> **Problem requirements**: The entries below should be given again exactly, minus their pictures.

[Images for object localization]
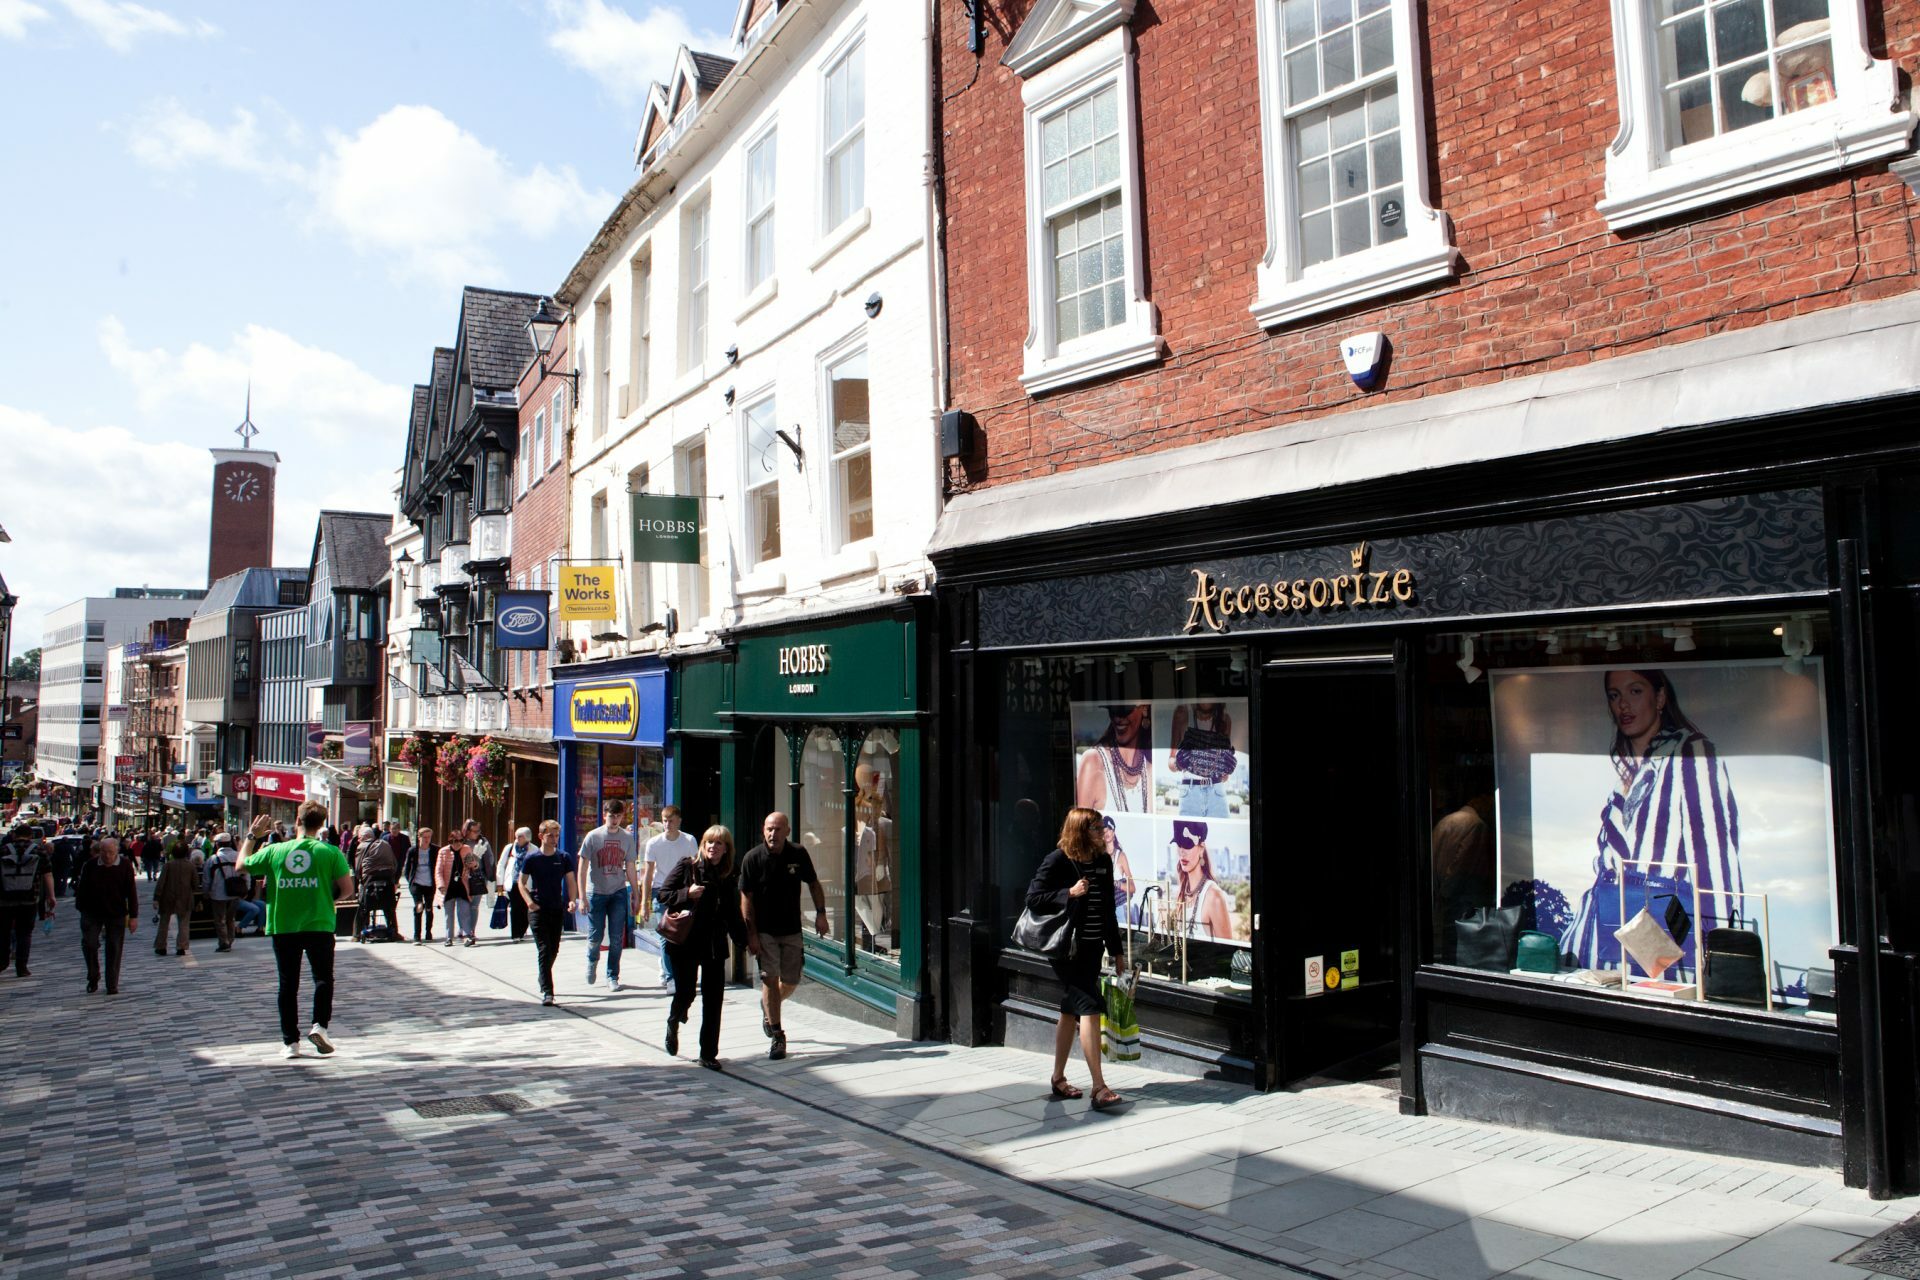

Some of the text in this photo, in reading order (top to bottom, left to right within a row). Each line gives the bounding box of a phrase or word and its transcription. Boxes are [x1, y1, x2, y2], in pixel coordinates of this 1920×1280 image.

[639, 519, 695, 533] HOBBS
[574, 574, 600, 586] The
[1183, 541, 1412, 631] Accessorize
[564, 588, 610, 600] Works
[505, 612, 537, 628] Boots
[779, 644, 826, 675] HOBBS
[789, 683, 814, 694] LONDON
[278, 877, 318, 888] OXFAM

> **Task solution**:
Some of the text in this photo, in reading order (top to bottom, left to right within a row). Each line gives the bounding box of a phrase or word and its transcription. Boxes are [x1, y1, x2, y2], in pixel coordinates of this 1920×1280 image.

[639, 519, 695, 533] HOBBS
[574, 574, 600, 586] The
[1183, 541, 1412, 631] Accessorize
[564, 588, 610, 600] Works
[505, 612, 537, 628] Boots
[779, 644, 826, 675] HOBBS
[789, 683, 814, 694] LONDON
[278, 877, 318, 888] OXFAM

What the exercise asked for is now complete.